Ricordiamo i nomi di tutti padri deceduti: Stefano Coronese, Gerardo Caglioni, Luigi Masseroni, Giuseppe Scintu, Guglielmo Saderi, Giuseppe Rizzi, Piermario Tassi, Vittorio Ferrari, Enrico Di Nicolò, Corrado Stradiotto, Pilade Giuseppe Rossini, Nicola Masi e padre Piergiorgio Bettati (l’ultimo deceduto in ordine di tempo, il 23 marzo scorso).

Si sono ammalati in isolamento, a partire già da febbraio, nella struttura che li ospitava, quella Casa dove c’è sempre una grande circolazione di persone provenienti da tutto il mondo e che era stata aperta il 15 Novembre del 1895 dal fondatore San Guido M. Conforti.

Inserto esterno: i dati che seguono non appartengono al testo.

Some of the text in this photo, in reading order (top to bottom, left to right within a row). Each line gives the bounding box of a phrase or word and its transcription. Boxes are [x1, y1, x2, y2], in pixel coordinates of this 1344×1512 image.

La reazione di chi rimane è di grande sofferenza, come dice il superiore, ma anche di consolazione “nel prendere atto di questa vita donata ai fratelli e vissuta fino in fondo”.

“Questo non ci fa rallegrare – precisa il saveriano – ma ci fa dire grazie a Dio di aver vissuto fino in fondo la nostra vocazione”.

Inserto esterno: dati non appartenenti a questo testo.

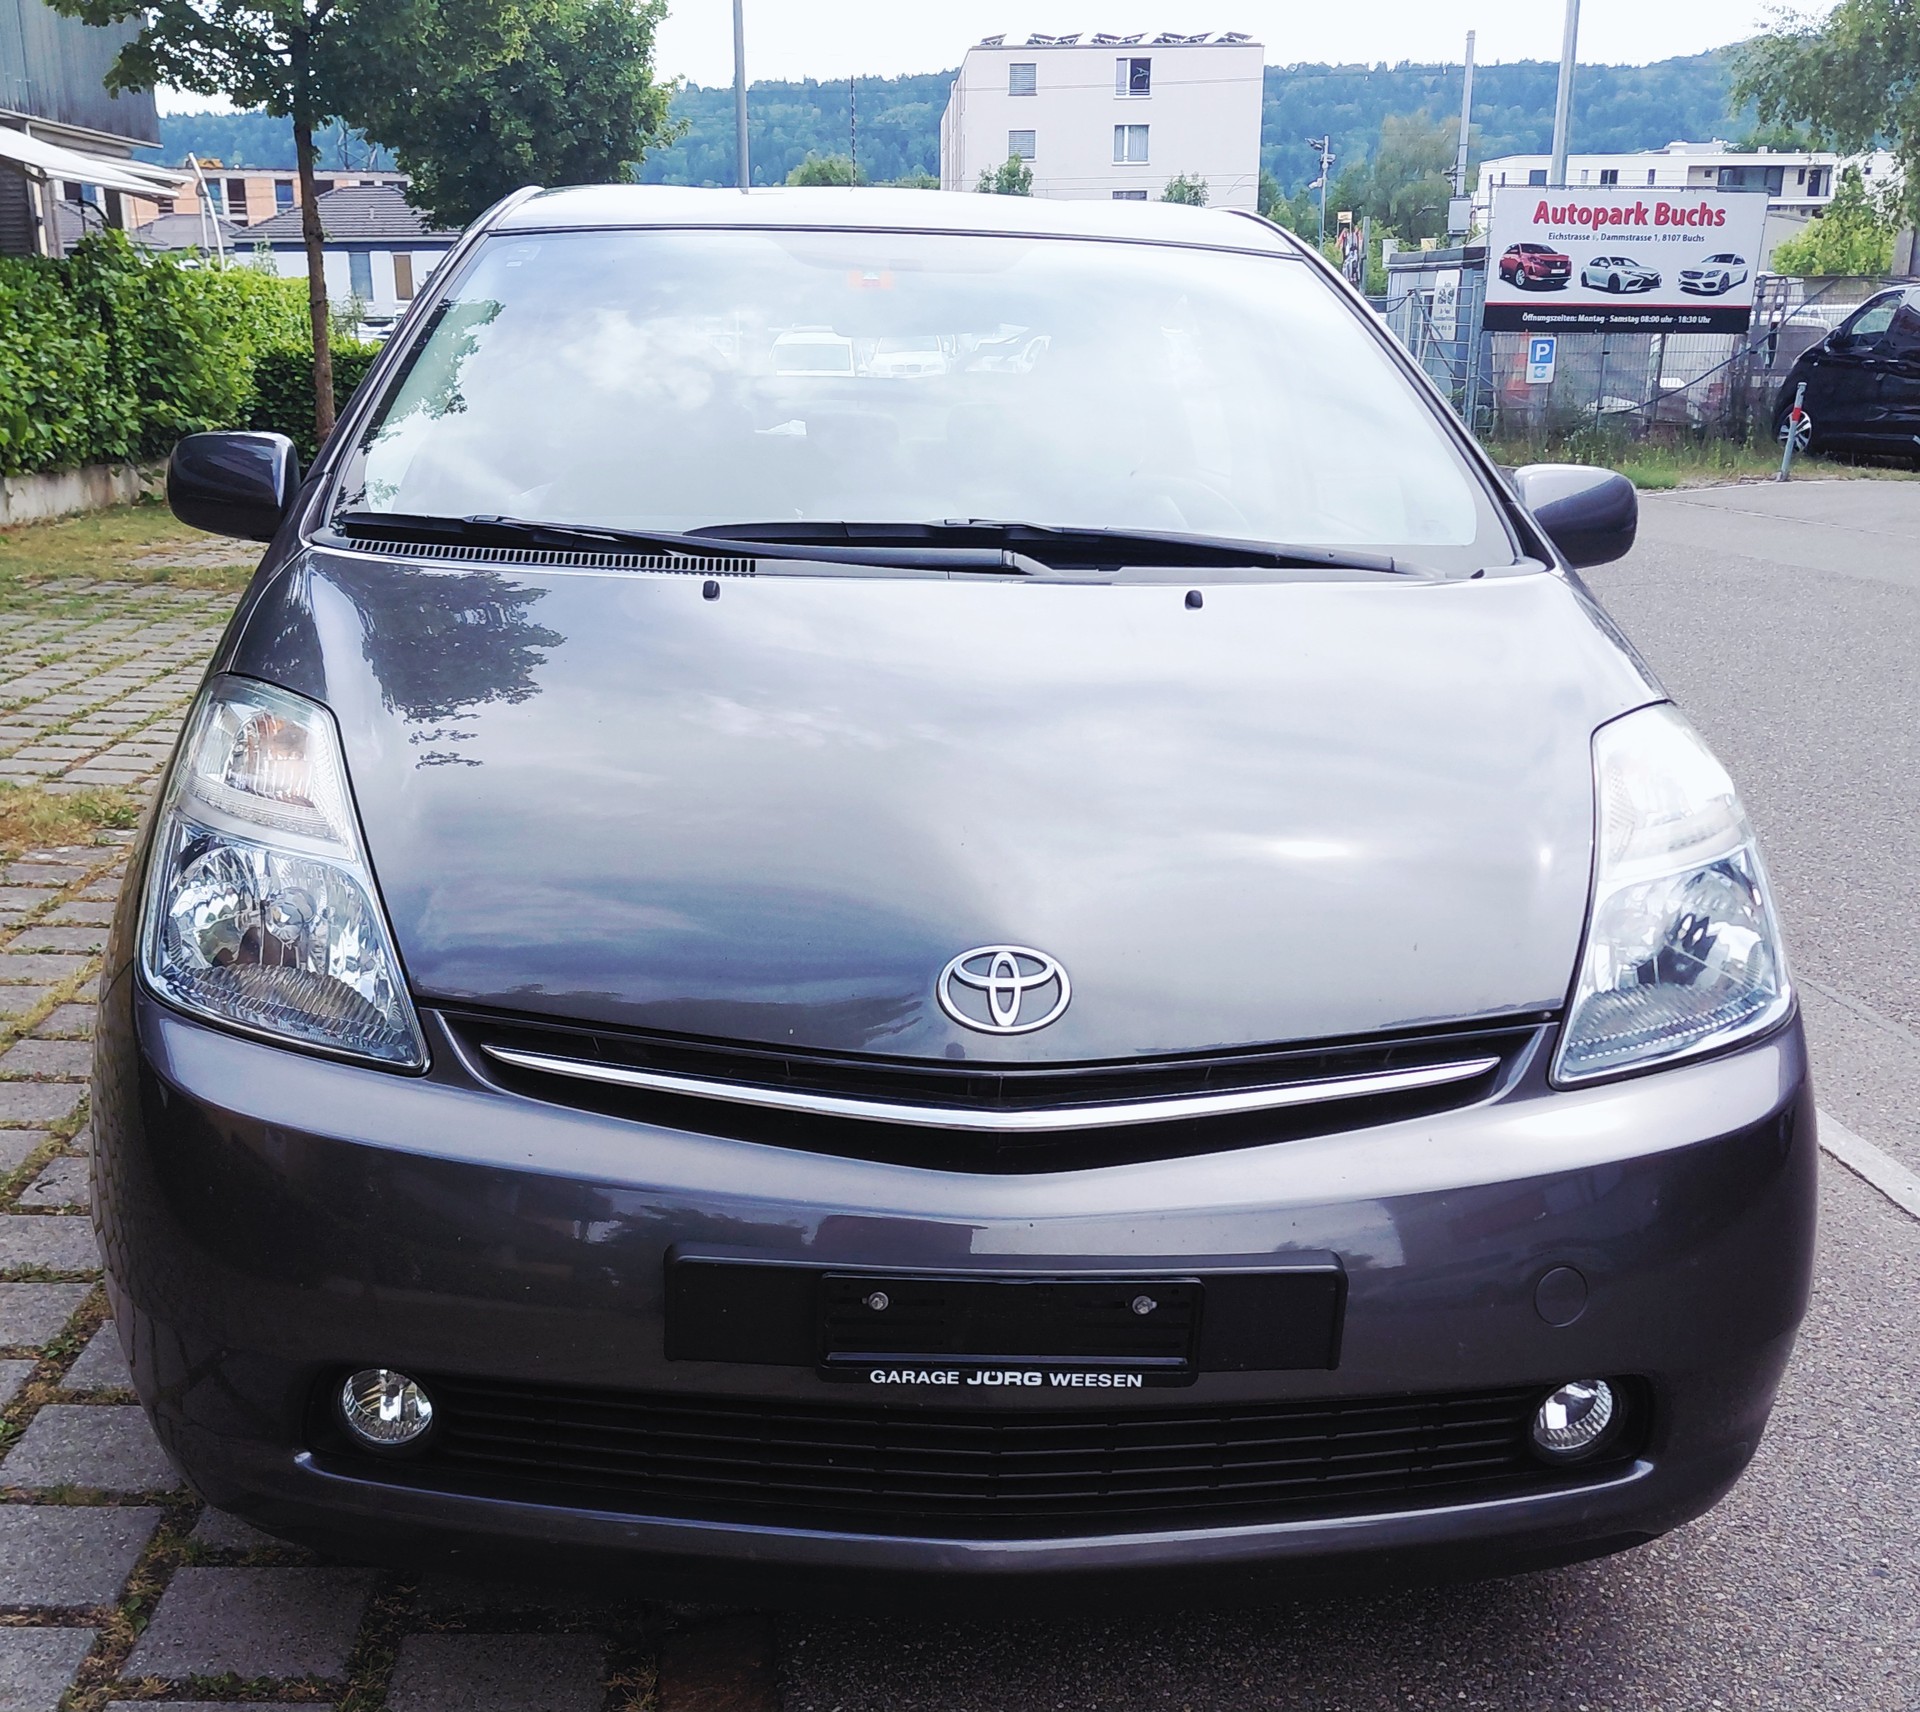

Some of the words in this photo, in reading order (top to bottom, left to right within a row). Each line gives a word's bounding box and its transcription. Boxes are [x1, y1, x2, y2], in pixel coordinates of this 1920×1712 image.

[1533, 200, 1649, 230] Autopark
[1654, 202, 1726, 226] Buchs
[1548, 232, 1590, 240] Eichstrasse
[1600, 233, 1652, 241] Dammstrasse
[1682, 234, 1705, 242] Buchs
[1522, 312, 1577, 323] Öffnungszeiten:
[1578, 314, 1605, 324] Montag
[1609, 315, 1640, 324] Samstag
[1640, 315, 1660, 323] 08:00
[1678, 315, 1697, 323] 18:30
[1698, 316, 1711, 324] Uhr
[1535, 343, 1550, 362] P
[870, 1370, 959, 1385] GARAGE
[1049, 1373, 1142, 1388] WEESEN

Padre Rosario dice che i saveriani hanno “ricevuto in cambio tantissimo” in questi giorni di sofferenza.

“Moltissime persone hanno dimostrato solidarietà attraverso la via telefonica, gli aiuti, le raccomandazioni di preghiera – aggiunge – Queste morti hanno un aspetto fecondo nel dimostrare che la carità cristiana esiste ancora ed esiste una grande valenza umana nella nostra terra”.

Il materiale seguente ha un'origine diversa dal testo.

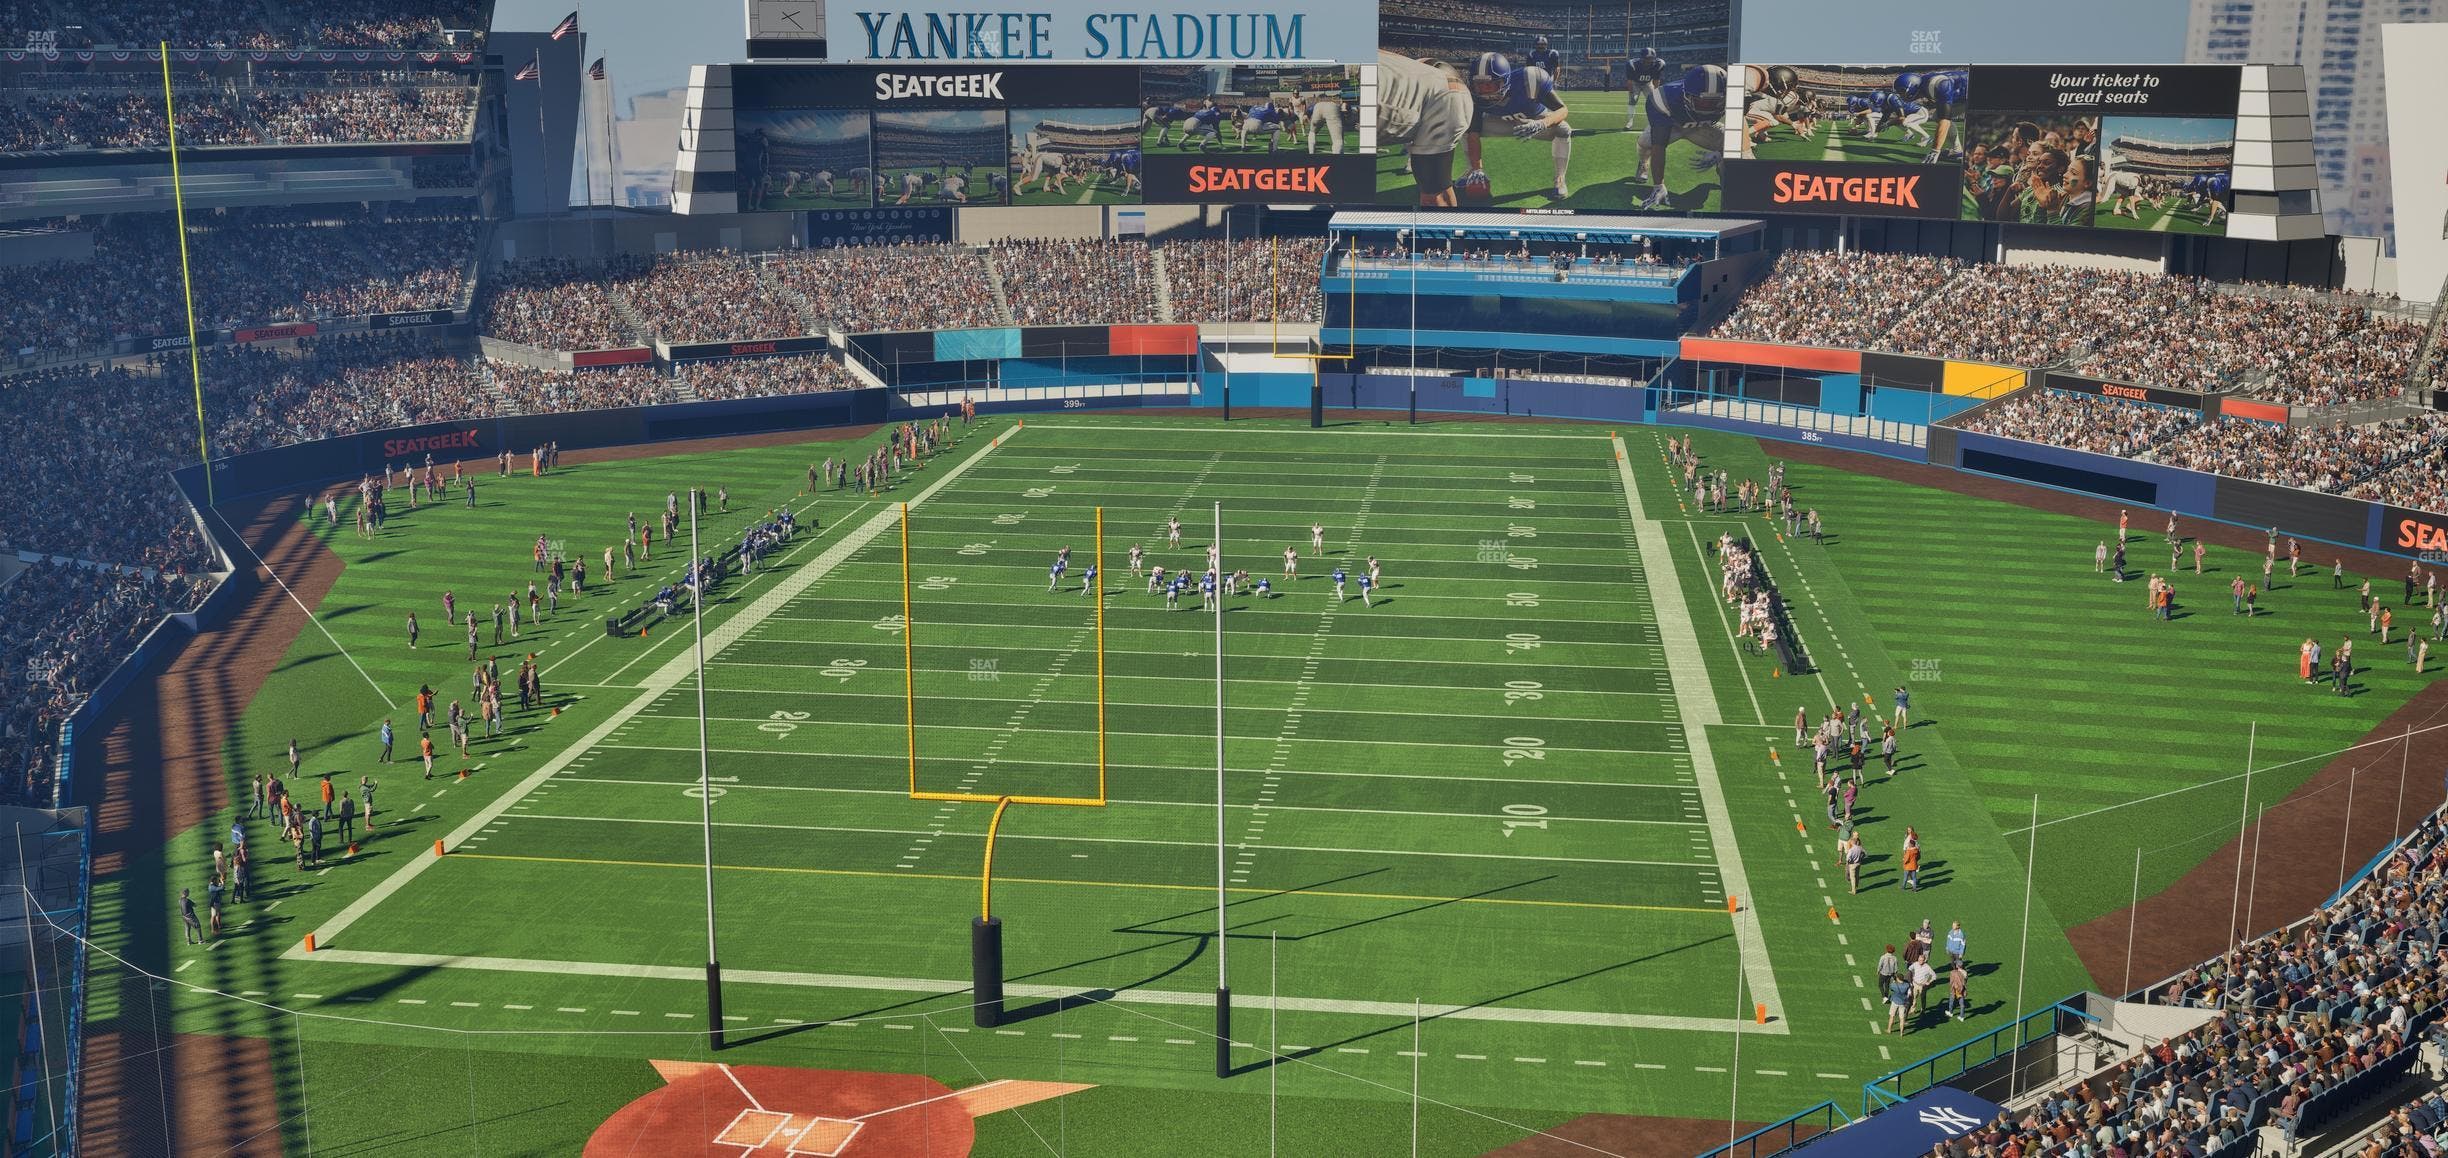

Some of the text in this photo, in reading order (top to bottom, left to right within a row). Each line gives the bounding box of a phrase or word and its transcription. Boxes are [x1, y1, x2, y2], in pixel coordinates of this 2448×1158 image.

[856, 12, 1307, 60] YANKEE STADIUM
[875, 72, 1005, 101] SEATGEEK
[2050, 73, 2160, 88] Your ticket to
[2058, 90, 2149, 106] great seats
[1189, 165, 1331, 195] SEATGEEK
[1773, 171, 1921, 209] SEATGEEK
[388, 313, 433, 326] SEATGEEK
[254, 326, 298, 340] SEATGEEK
[731, 342, 777, 354] SEATGEEK
[2102, 383, 2148, 401] SEATGEEK
[384, 428, 480, 458] SEATGEEK
[1507, 557, 1538, 570] 40
[1506, 592, 1539, 607] 50
[1505, 633, 1541, 650] 40
[820, 658, 868, 677] 30
[1504, 680, 1544, 700] 30
[757, 710, 811, 732] 20
[1503, 736, 1546, 760] 20
[682, 775, 740, 798] 10
[1501, 804, 1548, 829] 10

La Casa madre di Parma è un luogo simbolico importante, che ospita il santuario intitolato al fondatore, vescovo parmense dei primi del Novecento, come ricorda in un editoriale di oggi sull’Osservatore Romano, Paolo Affatato. 

Ospita anche “il museo d’arte cinese ed etnografico; la biblioteca e uno speciale itinerario che racconta memorie e testimonianze missionarie”.

All’ultimo piano del “maestoso edificio dalle forme neoromaniche, c’è anche una residenza per accogliere i missionari più anziani” ed è qui che i padri hanno trascorso gli ultimi giorni di vita. 

Nell’editoriale si legge: “folta la pattuglia di quanti avevano donato il cuore, la mente e le forze all’Africa: fra essi Gerardo Caglioni — 73 anni, il più giovane tra le vittime — e Pilade Rossini avevano operato in Sierra Leone dove i saveriani festeggiano, proprio nel 2020, i settant’anni di presenza”.

E ancora: “Il gruppo più numeroso è costituito da missionari che avevano speso la vita nell’attuale Repubblica Democratica del Congo, specialmente nella regione del Kivu: area al centro di quella che viene definita “la guerra mondiale africana”, infestata da milizie ma anche da epidemie di un virus letale come l’ebola”.